理由があるわけではないがただただ無言の状態が続き、風音は濡らした手拭いに空気を含ませ湯の中で握り潰すを繰り返していた。

「……何やってんだよ。それ、楽しいかァ?」

「うーん、楽しい……のかな?」

「いや……俺に聞かれても分かんねェだろ。

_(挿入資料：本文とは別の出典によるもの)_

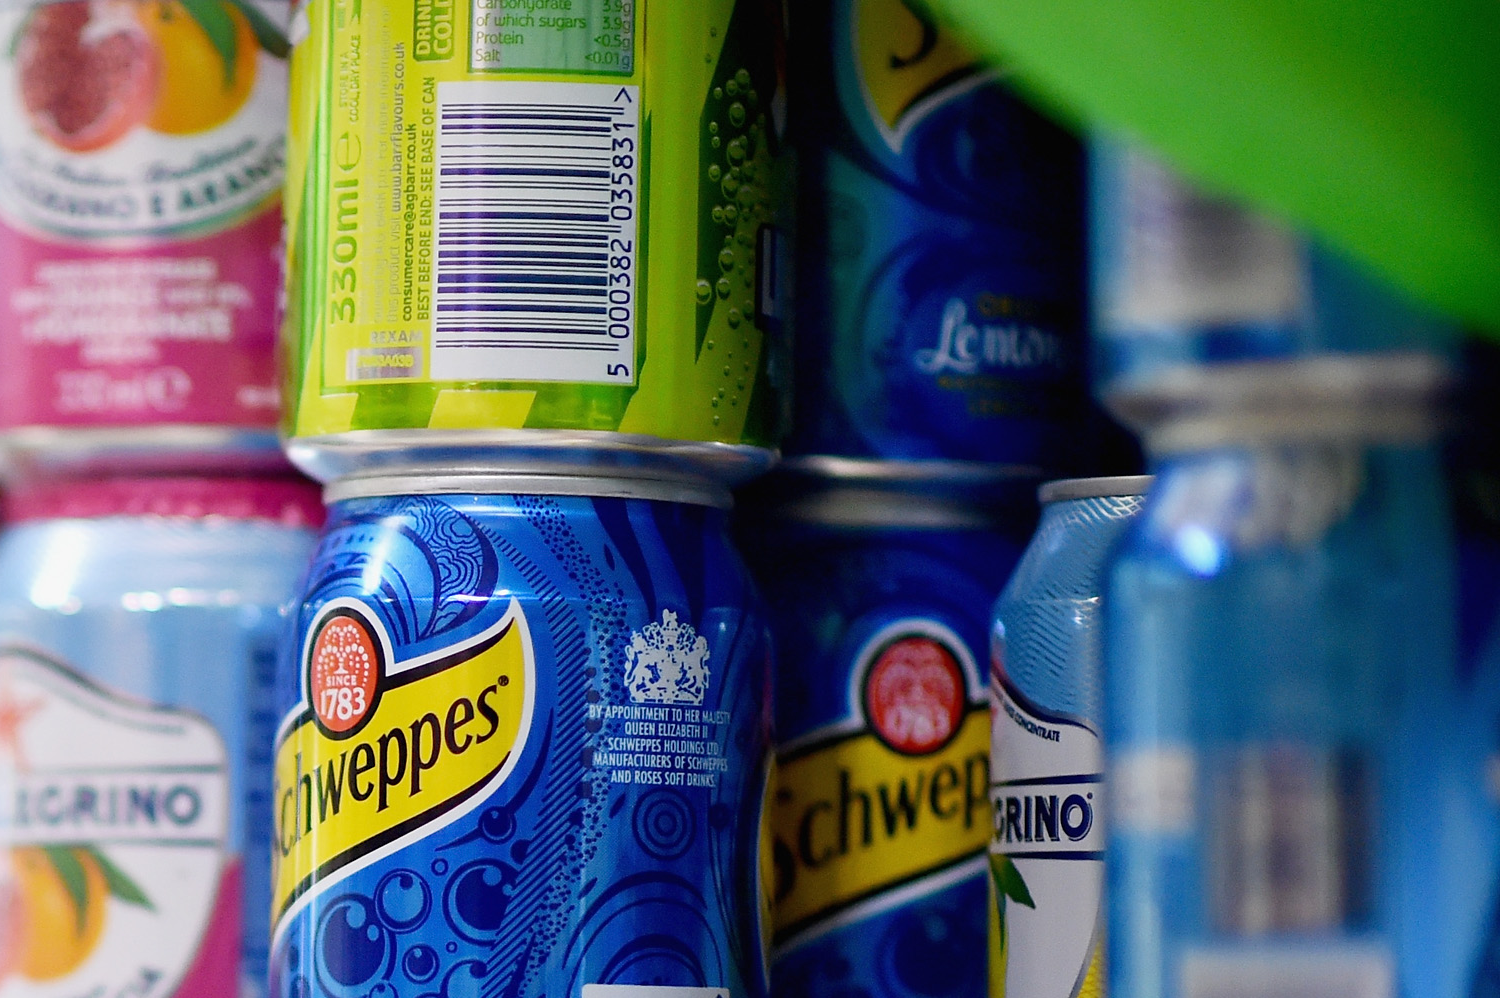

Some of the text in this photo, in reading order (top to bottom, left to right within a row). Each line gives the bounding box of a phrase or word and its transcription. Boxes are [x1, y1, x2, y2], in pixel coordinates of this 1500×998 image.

[476, 15, 490, 28] of
[494, 15, 535, 28] which
[539, 17, 587, 33] sugars
[475, 31, 524, 45] Protein
[475, 48, 501, 62] Salt
[610, 122, 635, 221] 035831
[417, 76, 435, 321] BEST BEFORE END: SEE BASE OF CAN
[402, 123, 418, 322] consumercare@agbarr.co.uk
[331, 178, 359, 325] 330ml
[388, 246, 401, 296] product
[608, 238, 632, 340] 000382
[371, 329, 423, 344] REXAM
[607, 363, 629, 377] 5
[325, 674, 357, 687] SINCE
[320, 687, 366, 721] 1783
[605, 704, 670, 722] APPOINTMENT
[672, 708, 682, 722] TO
[684, 709, 700, 723] HER
[624, 722, 655, 737] QUEEN
[658, 723, 700, 738] ELIZABETH
[608, 737, 661, 753] SCHWEPPES
[664, 740, 704, 755] HOLDINGS
[276, 683, 499, 858] chweppes
[593, 752, 728, 772] MANUFACTURERS OF SCHWEPPES
[611, 770, 716, 788] AND ROSES SOFT DRINKS.
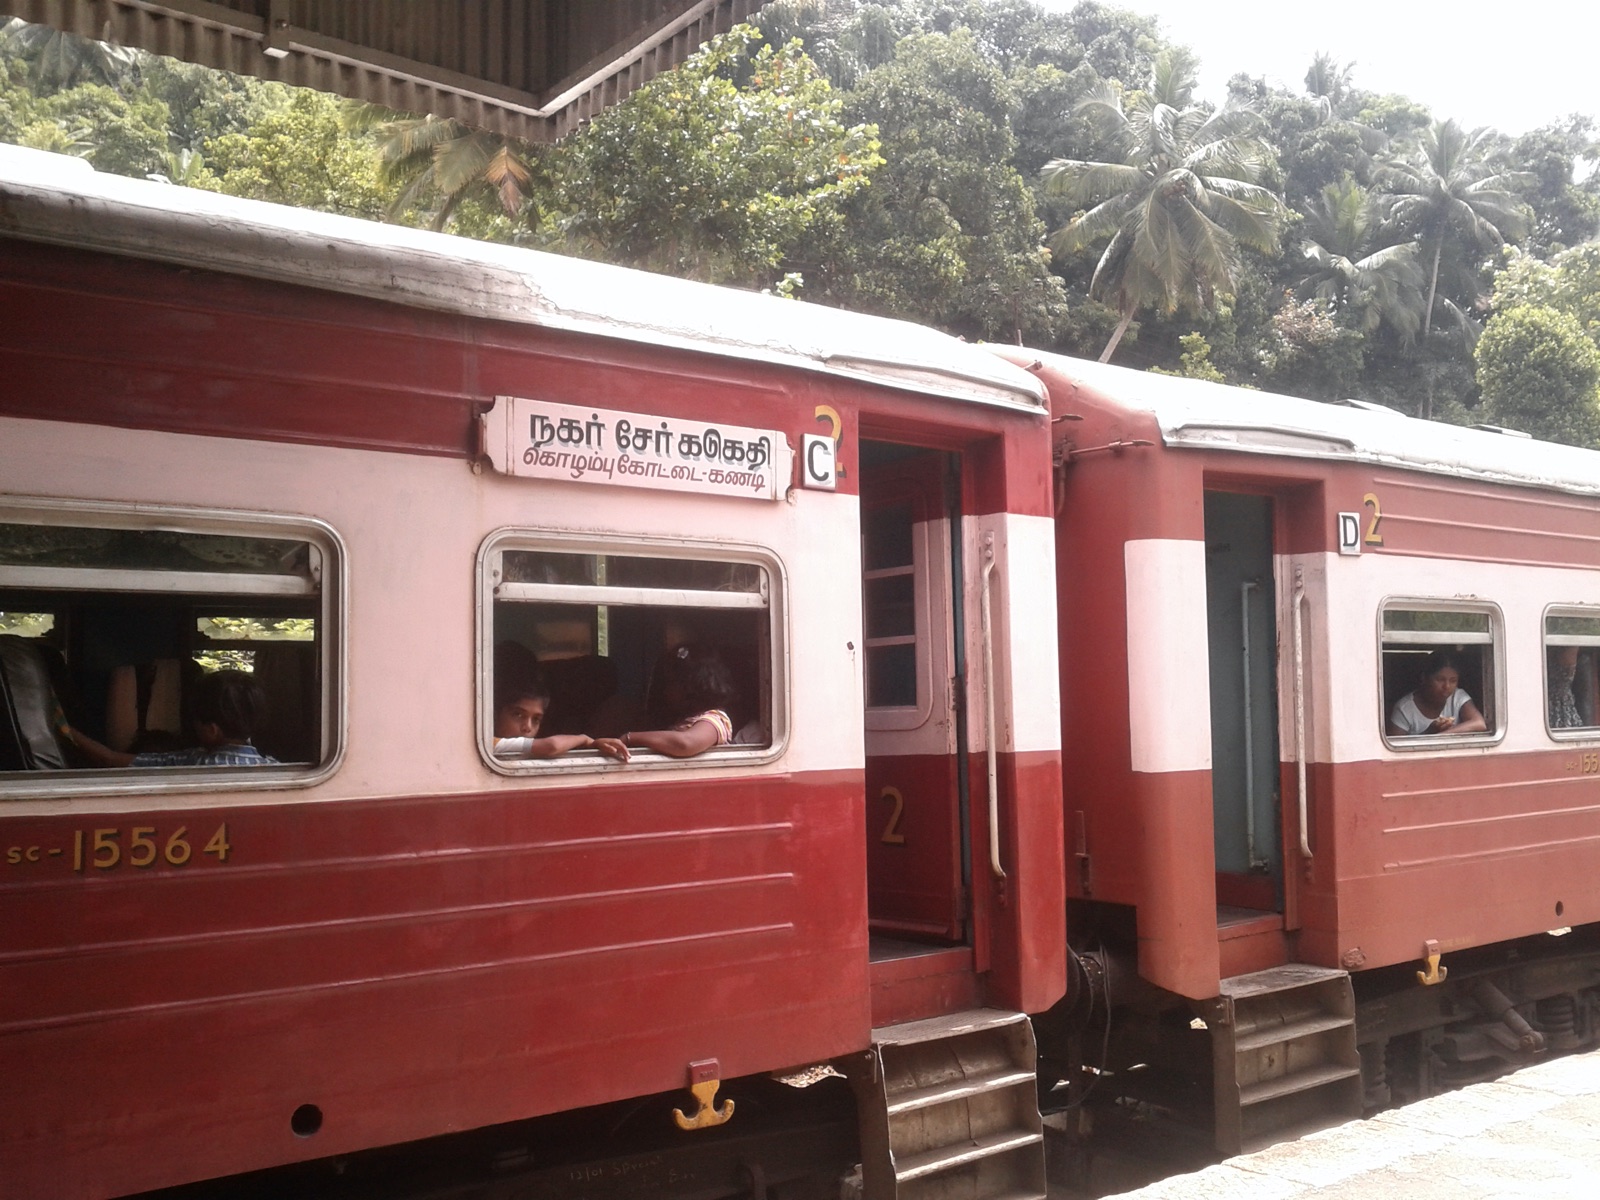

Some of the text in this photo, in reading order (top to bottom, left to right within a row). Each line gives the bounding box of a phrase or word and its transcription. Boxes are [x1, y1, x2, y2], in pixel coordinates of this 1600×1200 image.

で、初めての温泉はどうなんだ?」

特に楽しんでしていたのではないらしい。
それでもその行為をしている間も今も笑顔なので全く楽しくなかったということはなかったのだろう。

そしてその笑顔を更に深め実弥に向き直った。

「すごく気持ちいい!体はポカポカしてあったかいのに、首から上はひんやりしてるからいつまででも入れそう!しかも広いから実弥君と並んで入れるし。ここにいる間、一緒に入りに来たい……です!」

「そりゃあ何よりだ。まァ昼間は鍛錬とかするとしても夜は時間余るだろうし、里を出るまでは一緒に入りに来ればいいだろ」

嬉しい実弥のお返事に風音は思わず手に持った手拭いを握り締め、ぴたりと実弥の腕に自分の体を寄せて空を見上げた。

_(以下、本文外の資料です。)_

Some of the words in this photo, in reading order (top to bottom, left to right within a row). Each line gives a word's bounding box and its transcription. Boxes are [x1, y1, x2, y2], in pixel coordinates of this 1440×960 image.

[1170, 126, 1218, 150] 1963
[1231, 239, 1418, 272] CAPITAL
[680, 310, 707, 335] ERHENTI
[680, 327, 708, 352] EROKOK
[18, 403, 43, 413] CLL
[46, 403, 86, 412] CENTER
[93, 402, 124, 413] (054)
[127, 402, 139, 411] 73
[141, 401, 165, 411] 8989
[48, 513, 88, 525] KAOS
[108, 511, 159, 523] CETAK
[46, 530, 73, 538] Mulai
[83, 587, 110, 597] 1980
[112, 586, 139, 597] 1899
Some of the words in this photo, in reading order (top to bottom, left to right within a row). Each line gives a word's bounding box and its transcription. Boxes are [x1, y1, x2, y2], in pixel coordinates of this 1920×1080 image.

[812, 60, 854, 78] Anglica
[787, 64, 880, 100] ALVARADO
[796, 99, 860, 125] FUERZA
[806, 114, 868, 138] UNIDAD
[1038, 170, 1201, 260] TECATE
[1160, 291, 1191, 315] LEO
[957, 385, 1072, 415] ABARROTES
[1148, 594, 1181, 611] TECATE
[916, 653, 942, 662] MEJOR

「星がいっぱい。ここは街灯があんまりないから綺麗に見える。ご飯も美味しいしお風呂も気持ちいいし、そのお風呂から星が見えるなんて贅沢……」

バサリ……

「お前……いつもなんか喋ってる時に宿り木にされてんなァ」

何かがはためく音と同時に風音の視界が真っ黒に塗りつぶされてしまった。
何が起こったのかは実弥の言葉や今までの流れで何となく感じ取れたので、何かをはためかせ額に舞い降りたモノをゆっくり抱え上げる。

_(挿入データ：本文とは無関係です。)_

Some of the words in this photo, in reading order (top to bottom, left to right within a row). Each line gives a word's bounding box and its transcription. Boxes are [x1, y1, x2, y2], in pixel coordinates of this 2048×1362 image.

「やっぱり爽籟君だった。フフッ、どうしたの?一緒にお風呂入る?」

「風呂ハアンマリ…… 風音ノ頭ノ上ガイイ」

「風呂嫌いなら大人しく楓と木の上に止まってろよ……お前がこっち来ちまったら楓が一人……一羽になっちまうだろうが」

一羽になってしまっている楓を探そうと風音が左右を見渡すと……見渡すまでもなくちょうど風音と実弥の間になるように温泉の淵に腰を下ろしていた。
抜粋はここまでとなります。